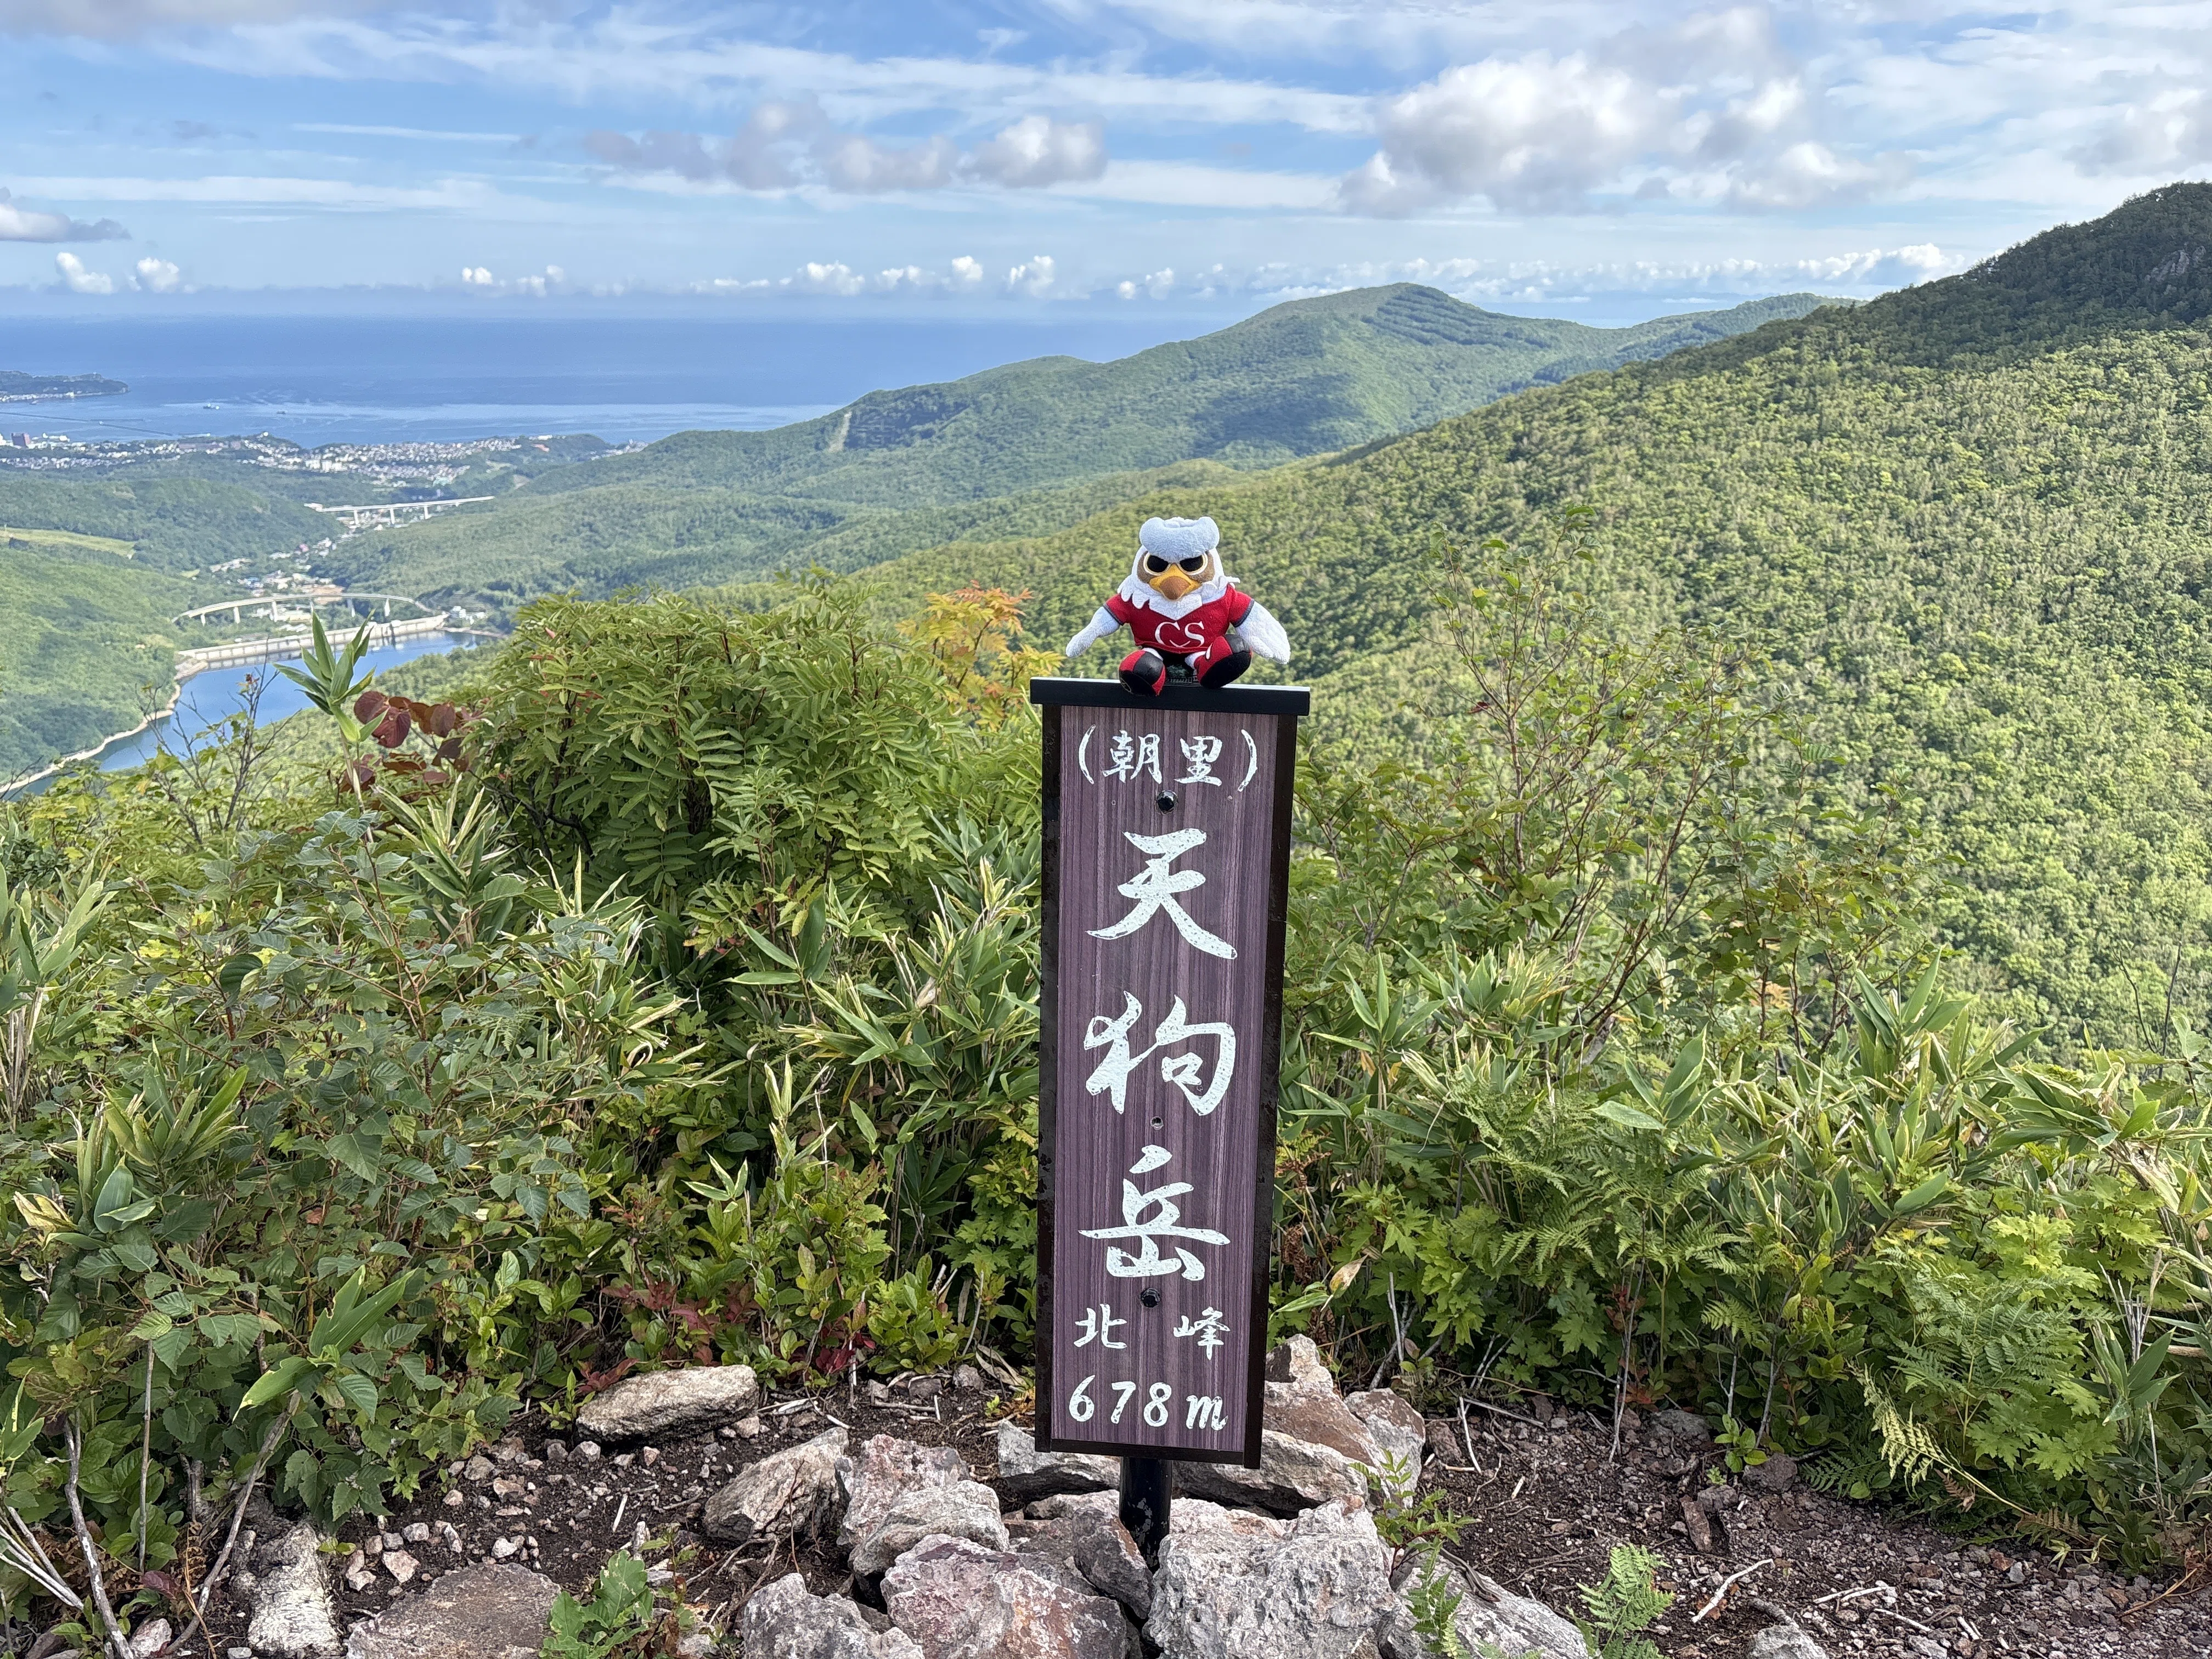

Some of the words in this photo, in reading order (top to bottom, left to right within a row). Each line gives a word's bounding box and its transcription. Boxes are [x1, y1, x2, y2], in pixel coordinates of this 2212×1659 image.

[1079, 725, 1257, 792] (朝里)
[1079, 828, 1237, 1281] 天狗岳
[1069, 1374, 1228, 1431] 678m
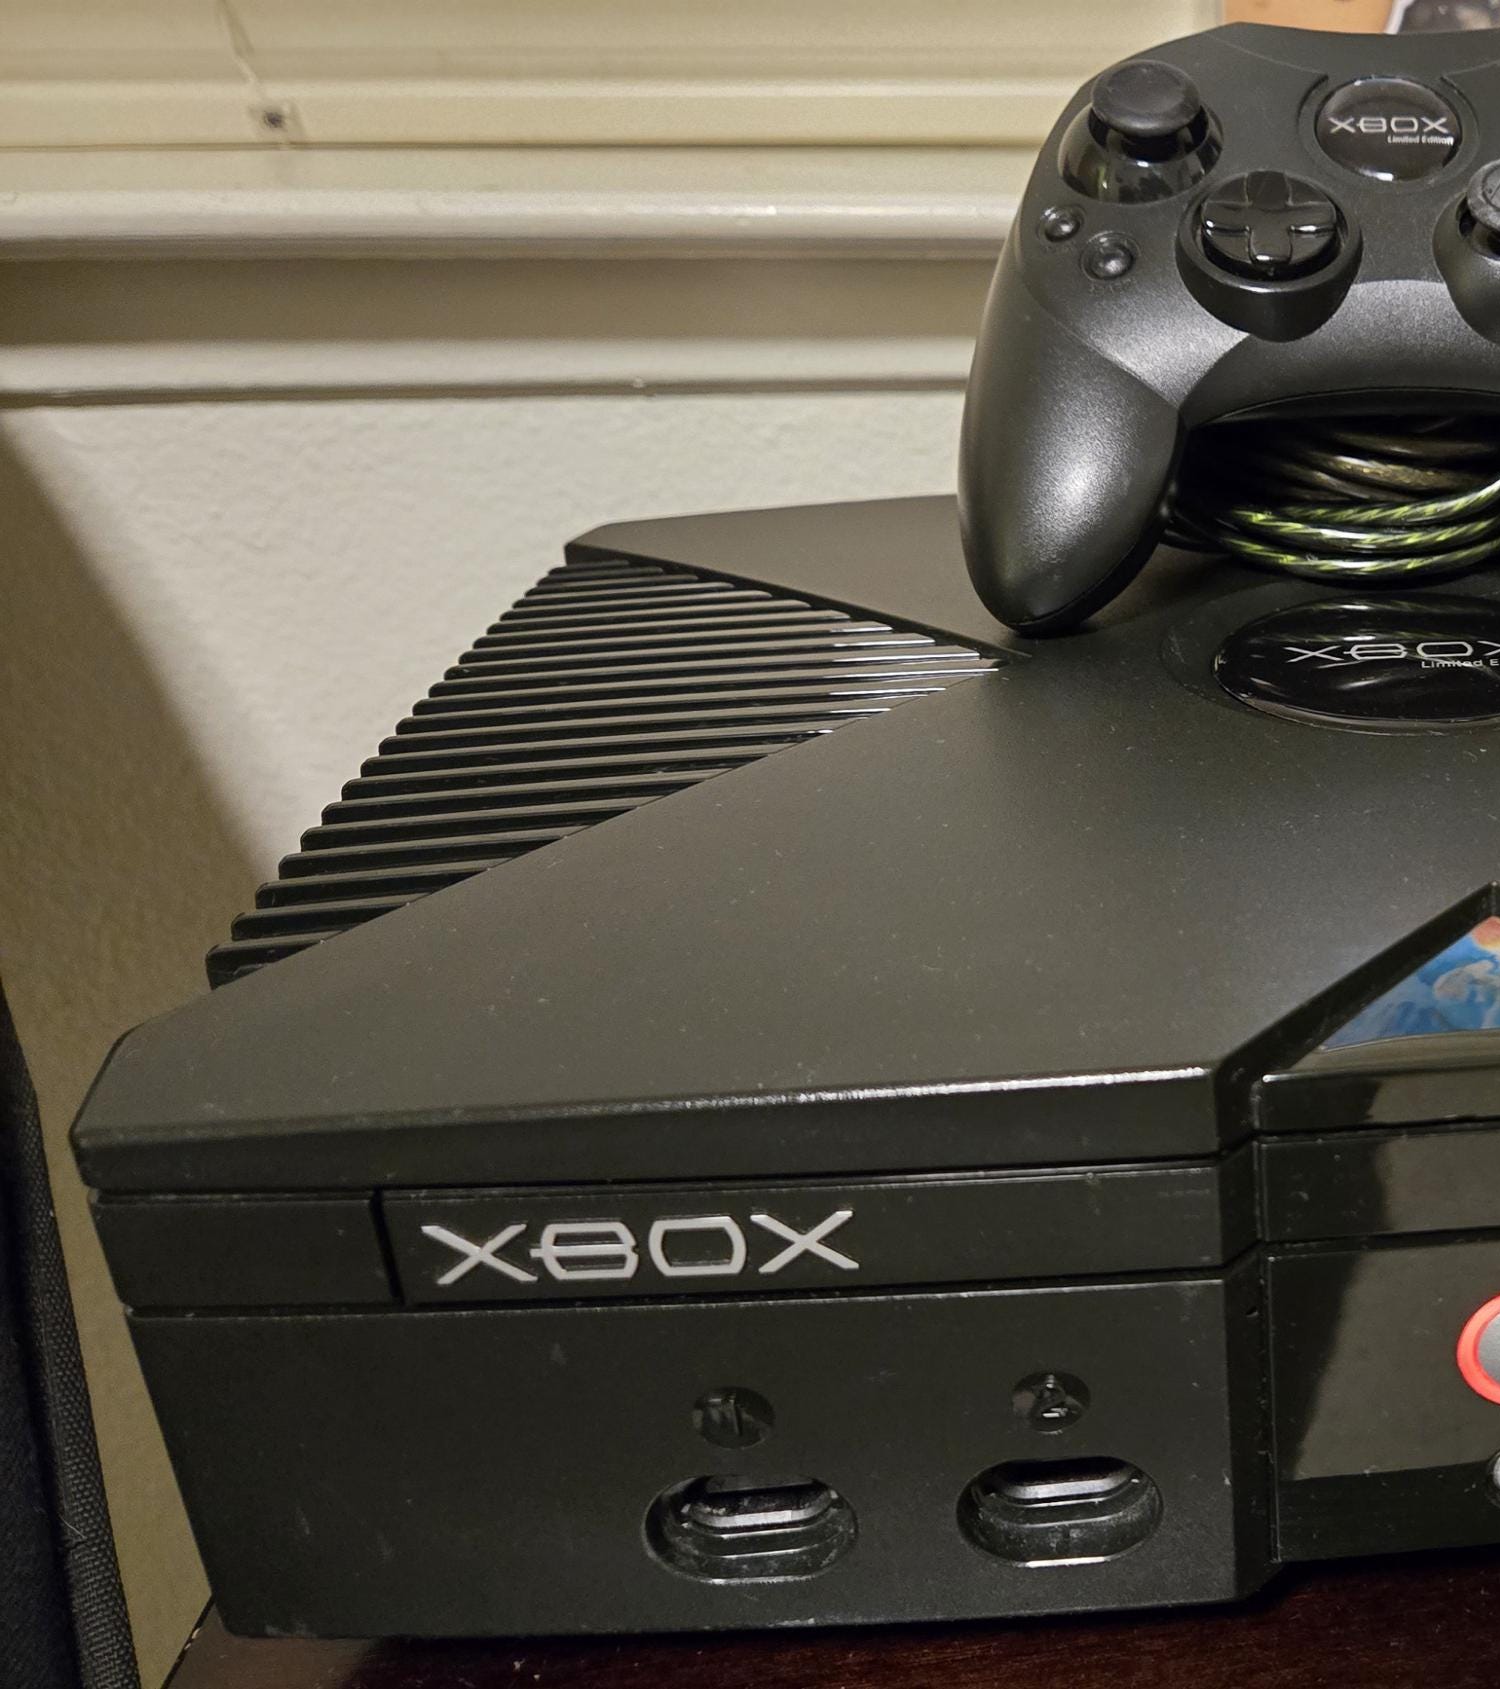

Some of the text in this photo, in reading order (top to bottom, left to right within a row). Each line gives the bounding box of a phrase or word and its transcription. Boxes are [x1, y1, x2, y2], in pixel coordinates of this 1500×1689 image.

.....

Task statement — If pictures are present, they are dropped, and the entries above are written out word for word.

Solution for this exercise —
Some of the words in this photo, in reading order (top to bottom, left to right within a row). Each line gives a word's bounding box and its transcription. Boxes are [x1, y1, x2, y2], in pixel coordinates of this 2212×1659 image.

[1079, 725, 1257, 792] (朝里)
[1079, 828, 1237, 1281] 天狗岳
[1069, 1374, 1228, 1431] 678m

Some of the text in this photo, in reading order (top to bottom, left to right within a row). Each line gives the bounding box of a phrase or word and its transcription. Boxes are [x1, y1, x2, y2], in pixel coordinates of this 1500×1689 image.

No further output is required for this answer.